"People assume that peace is always going to exist and when you have a culture like that you don't really feel the need to arm yourself or have an object that disrupts that peace."
In fact, moves to expand the role of Japan's self-defence forces in foreign peacekeeping operations have caused concern in some quarters.
"It is unknown territory," says political science professor Koichi Nakano. "Maybe the government will try to normalise occasional death in the self-defence force and perhaps even try to glorify the exercise of weapons?"
According to Iain Overton, the "almost taboo level of rejection" of guns in Japan means that the country is "edging towards a perfect place" - though he points out that Iceland also achieves a very low rate of gun crime, despite a much higher level of gun ownership.

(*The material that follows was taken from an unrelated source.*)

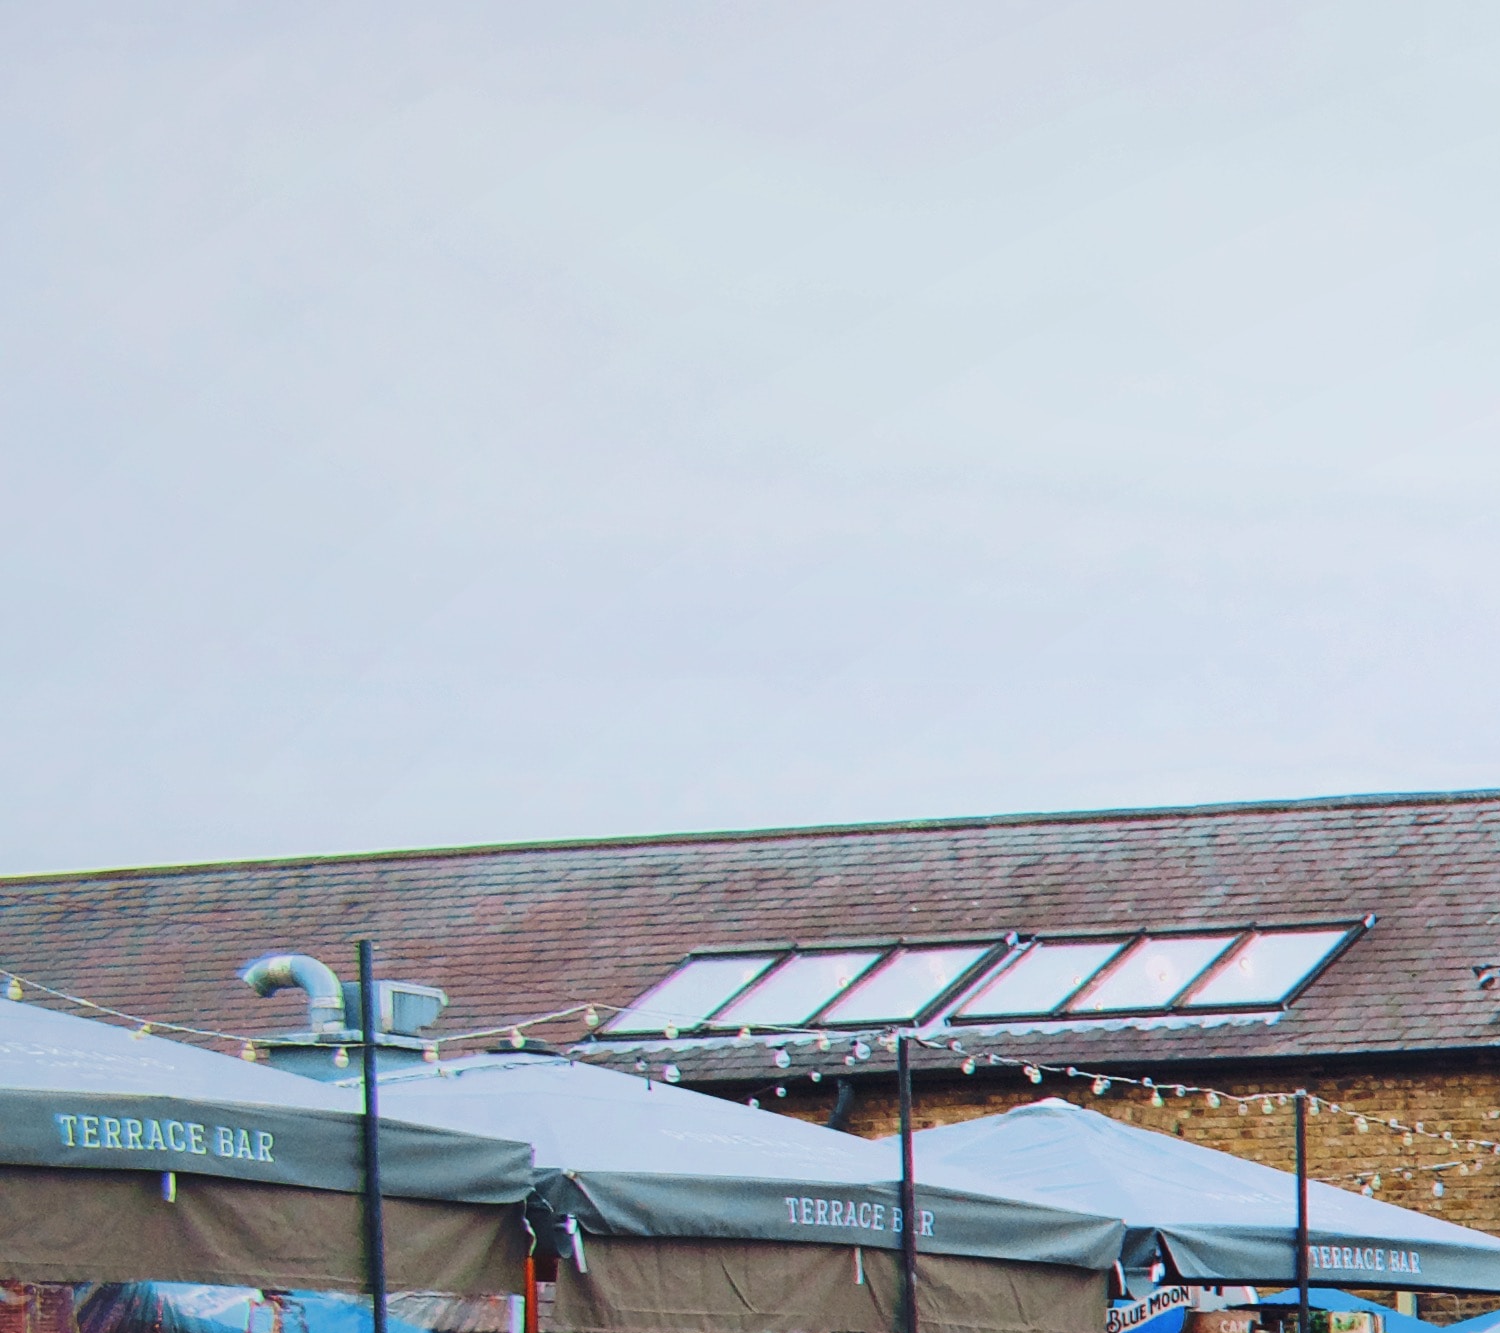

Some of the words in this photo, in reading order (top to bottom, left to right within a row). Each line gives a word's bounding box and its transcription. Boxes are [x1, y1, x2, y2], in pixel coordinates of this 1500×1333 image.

Henrietta Moore of the Institute for Global Prosperity at University College London applauds the Japanese for not viewing gun ownership as "a civil liberty", and rejecting the idea of firearms as "something you use to defend your property against others".
But for Japanese gangsters the tight gun control laws are a problem. Yakuza gun crime has sharply declined in the last 15 years, but those who continue to carry firearms have to find ingenious ways of smuggling them into the country.
"The criminals pack the guns inside of a tuna so it looks like a frozen tuna," says retired police officer Tahei Ogawa. "But we have discovered cases where they have actually hidden a gun inside."